-- Image-backed grounding data --

=== Section Start ===

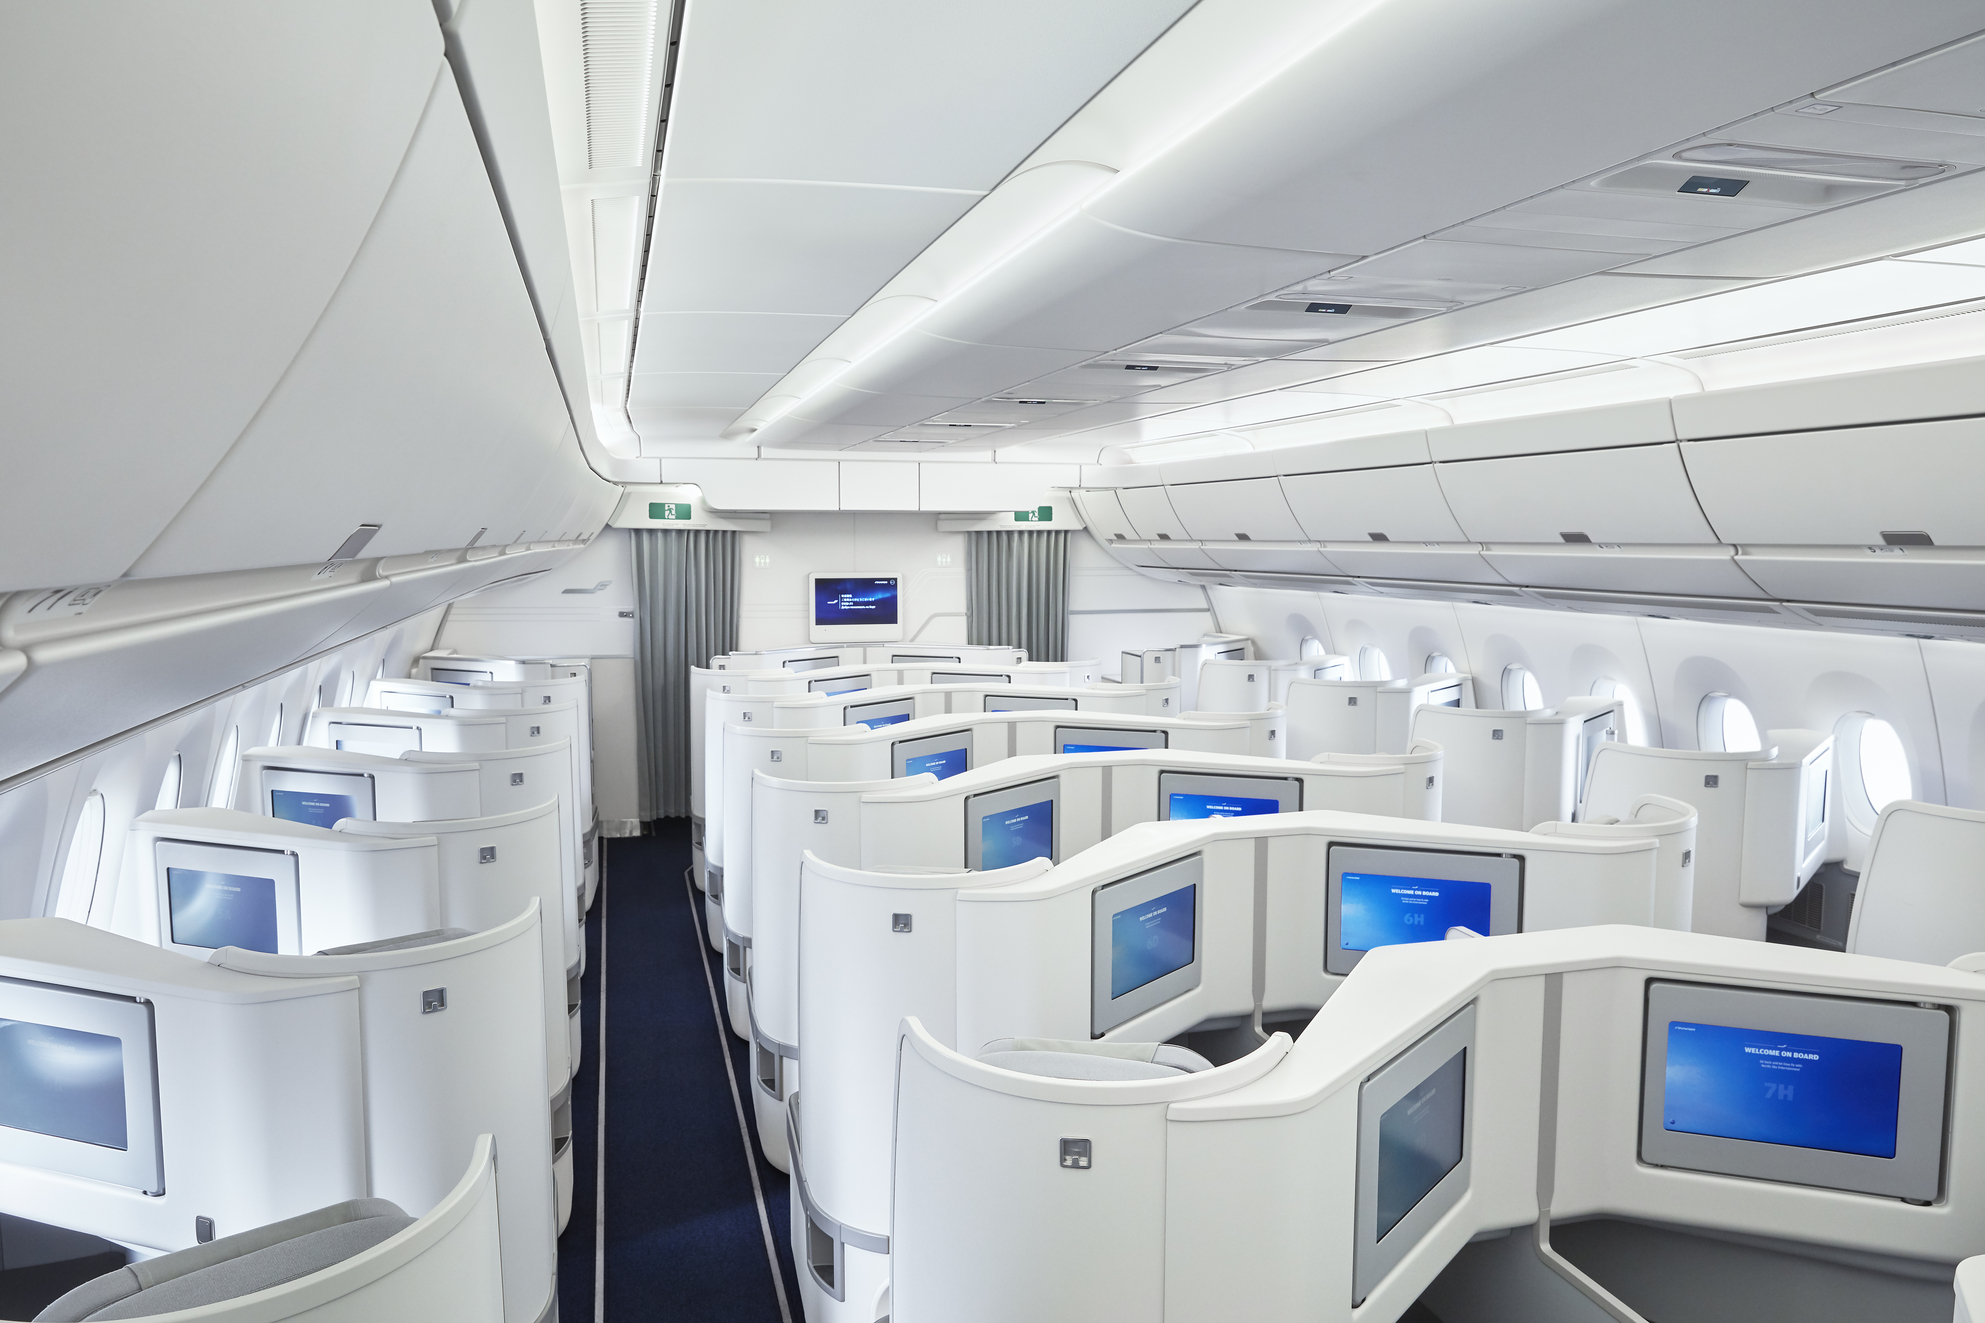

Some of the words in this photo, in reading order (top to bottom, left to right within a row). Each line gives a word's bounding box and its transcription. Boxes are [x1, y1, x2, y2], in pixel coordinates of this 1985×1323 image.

[1404, 912, 1424, 926] 6H
[1146, 935, 1158, 950] 6D
[1744, 1046, 1780, 1056] WELCOME
[1793, 1052, 1820, 1060] BOARD
[1764, 1082, 1794, 1102] 7H

=== Section End ===

-- WORK ITEM --
Your job is to copy each entry exactly as written; the pictures do not go in.

-- TASK SOLUTION --
Some of the words in this photo, in reading order (top to bottom, left to right within a row). Each line gives a word's bounding box and its transcription. Boxes are [x1, y1, x2, y2], in pixel coordinates of this 1985×1323 image.

[1404, 912, 1424, 926] 6H
[1146, 935, 1158, 950] 6D
[1744, 1046, 1780, 1056] WELCOME
[1793, 1052, 1820, 1060] BOARD
[1764, 1082, 1794, 1102] 7H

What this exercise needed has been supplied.